Se siamo diventati individui incapaci di tutto questo è perché non sappiamo resistere ai meccanismi di cattura della nostra psiche (fascinosi, emozionanti, coinvolgenti, oggi anche intelligenti), oltre che del nostro corpo e prodotti dal sistema per la nostra distrazione di massa (merci, gadget, social, serie televisive, video autoprodotti con milioni di follower, fake news, commenti compulsivi, conformismi digitali) – soprattutto se tecnologici; noi venendo trascinati “in uno spazio comunicativo e informativo dove messaggi e immagini si affermano attraverso la logica combinata dell’urgenza e dell’immediatezza […] reindirizzando in modo discontinuo la nostra attenzione”. Uno spazio dove crediamo di essere autonomi e liberi, ma non lo siamo.

Per imparare a provare a resistere a questi meccanismi di cattura ci serve – e molto – un libro come quello che qui proponiamo al lettore. Un libro scritto dal filosofo ticinese Fabio Merlini e uscito da poche settimane per i tipi dell’editore Aragno (da cui è tratta anche la citazione riportata sopra), ultimo di una serie di libri tutti importanti. Un libro chiarissimo nella scrittura e nel ragionare insieme al suo lettore (sì, è un libro di filosofia; ma niente paura) e coinvolgente nella sua costruzione. Ma è un libro da leggere lentamente, proprio per accrescere il coinvolgimento di noi con noi stessi e con gli altri. Un libro da tenere quasi come un livre de chevet, da riaprire magari a caso (ma dopo averlo letto per intero), lasciandoci svegliare dal sonno e dalla dimenticanza di noi stessi in cui siamo immersi.

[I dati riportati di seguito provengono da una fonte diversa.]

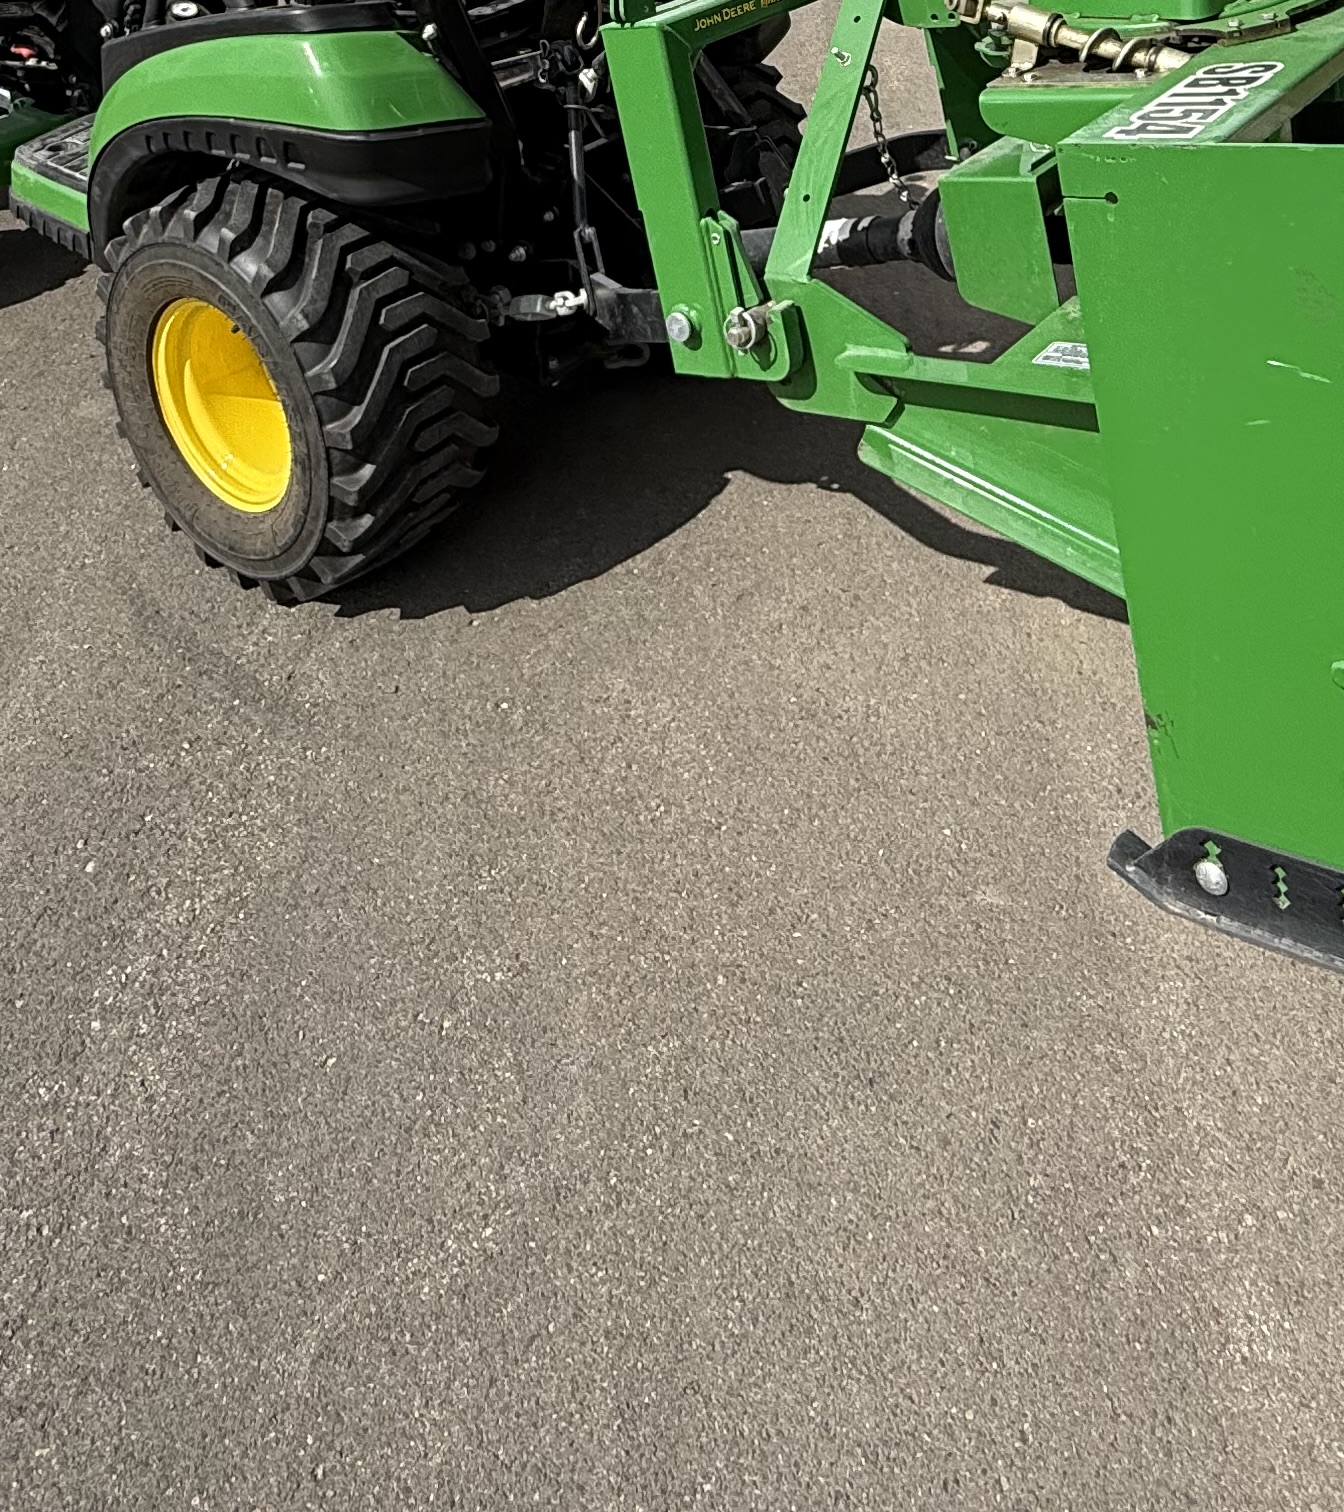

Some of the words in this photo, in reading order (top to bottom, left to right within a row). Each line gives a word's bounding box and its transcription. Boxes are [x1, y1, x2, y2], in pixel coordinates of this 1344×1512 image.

[694, 12, 722, 31] JOHN
[722, 0, 756, 20] DEERE
[1110, 62, 1282, 138] SB1154

Era ciò che cercava di fare Socrate – svegliare dal sonno i suoi concittadini – “con la forza esortativa di una interrogazione ironica e al contempo implacabile”, come ricorda Merlini; con il cui libro siamo invece ora coinvolti da una frase scritta su carta, da un pensiero che fa nascere in noi, facendoci rinascere come individui che pensano e che non solo producono e consumano e si divertono, come invece ci formatta, ci norma e normalizza il sistema. Sistema che ci vuole appunto alienati/estraniati (fuori di noi, dalla nostra interiorità), ma felici di esserlo; che ci vuole soprattutto narcisisti – cioè innamorati della nostra immagine riflessa, fuori di noi, ma che non è noi (è appunto l’esteriorizzazione di sé invece della interiorizzazione – e meno che meno è una relazione di dialogo tra io e mondo, tra interiorità ed esteriorità) noi quindi divenendo incapaci di capire chi si è mediante una consapevole partecipazione al mondo.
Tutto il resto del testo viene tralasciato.